Protein S

Protein S–Mangel

Protein S ist ein vitamin K-abhängiges Plasmaglykoprotein (635 Aminosäuren; Mr, 70 kDa), das vorwiegend in der Leber, aber auch in Endothelzellen, Megakaryozyten und Leydig-Zellen des Hodens synthetisiert wird.362 Protein S ist ein nichtenzymatischer Cofaktor für die aktivierte Protein C-vermittelte Inaktivierung von Faktor VIIIa und Faktor Va. Zusätzlich kann Protein S eine protein C-unabhängige gerinnungshemmende Aktivität aufweisen, indem es Faktor VIIIa im Tenase-Komplex und Faktor Va und Faktor Xa im Prothrombinase-Komplex direkt bindet und inhibiert. Das N-terminale Ende des Moleküls besteht aus einer Gla–Domäne, einer aromatischen Ringaminosäuredomäne, einer thrombinempfindlichen Region und vier epidermalen wachstumsfaktorähnlichen Domänen, während das C-terminale Ende eher eine sexualhormonbindende globulinähnliche Domäne als eine Serinproteasedomäne umfasst. Ungefähr 60% bis 70% des gesamten Plasmaproteins S zirkulieren nicht kovalent gebunden in 1 : 1 Stöchiometrie zu einem komplementregulatorischen Protein, C4b-bindendem Protein (C4BPß+), und ist inaktiv. Der Rest zirkuliert als freies Protein S (Plasmakonzentration, 150 nmol/l) mit einer Plasmahalbwertszeit von 96 Stunden.

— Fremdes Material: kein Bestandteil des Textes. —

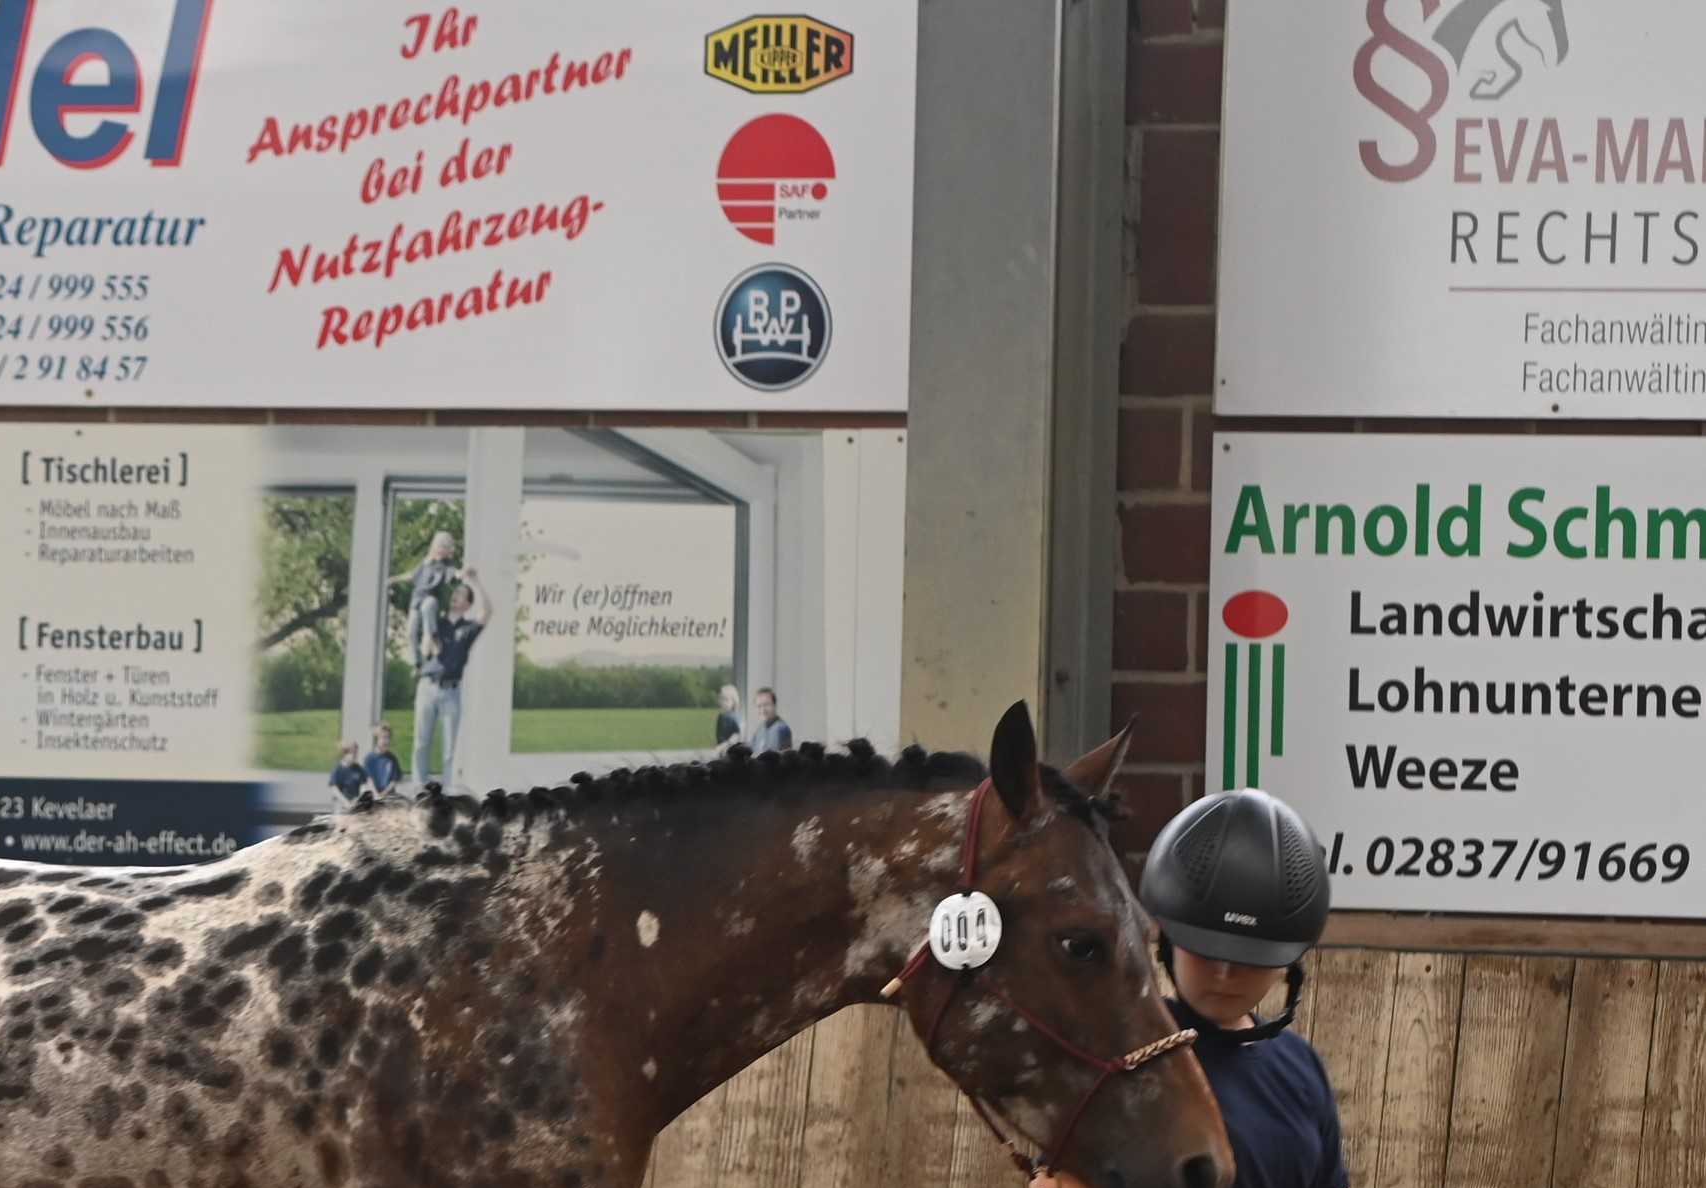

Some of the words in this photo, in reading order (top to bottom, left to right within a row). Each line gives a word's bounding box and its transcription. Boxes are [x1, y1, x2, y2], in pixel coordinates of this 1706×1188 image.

Das Protein S (PROS1) -Gen befindet sich auf dem kurzen Arm von Chromosom 3 (3p11.1-3p11.2) und besteht aus 15 Exons, die sich über 80 kb erstrecken. Darüber hinaus gibt es ein Protein-S-Pseudogen (PSß) mit 96,5% Homologie zu PSa, das sich innerhalb von 4 Zentimetern von PROS1 befindet. Der angeborene Protein-S-Mangel wird als autosomal dominante Störung mit variabler Penetranz vererbt. Die Prävalenz von Protein-S-Mangel in der normalen Bevölkerung beträgt etwa 200 pro 100.000 (siehe Tabelle 14-3).Basierend auf den Gesamt- und freien Plasmaprotein-S-Antigenspiegeln wurde der Protein-S-Mangel zunächst in drei Phänotypen eingeteilt; Alle drei hatten eine reduzierte Protein-S-Aktivität. Typ-I-Protein-S-Mangel bestand aus reduzierten Gesamt- und freien Protein-S-Antigenspiegeln, 363,364 Typ II bestand aus normalen Gesamt- und freien Protein-S-Antigenspiegeln und Typ III bestand aus normalen Gesamtprotein-S-Antigenspiegeln, aber reduziertem freiem Protein-S-Antigen. Mutationen wurden jedoch nur bei 44% der Personen mit einem Typ-III-Phänotyp identifiziert, was die Möglichkeit aufwirft, dass einige dieser Fälle erworbene Anomalien darstellen.365.366 Neuere Studien zeigen, dass viele Patienten mit Typ-III-Mangel den gleichen molekularen Defekt wie Typ-I-Mangel haben und dass der altersbedingte Anstieg von C4BPß +, aber nicht von Protein S, zum Typ-III-Phänotyp führt.265.362 Etwa zwei Drittel der Patienten mit Protein-S-Mangel haben einen Typ-I-Phänotyp und ein Drittel einen Typ-III-Phänotyp; Der Typ-II-Phänotyp ist ziemlich selten. Da jedoch die meisten Labors zuvor mit einem freien Protein-S-Antigen-Assay auf Protein-S-Mangel untersucht wurden und aufgrund der Unfähigkeit, alle Protein-S-Antikoagulansaktivitäten zu messen, ist die wahre Prävalenz des Typ-II-Protein-S-Mangels unbekannt.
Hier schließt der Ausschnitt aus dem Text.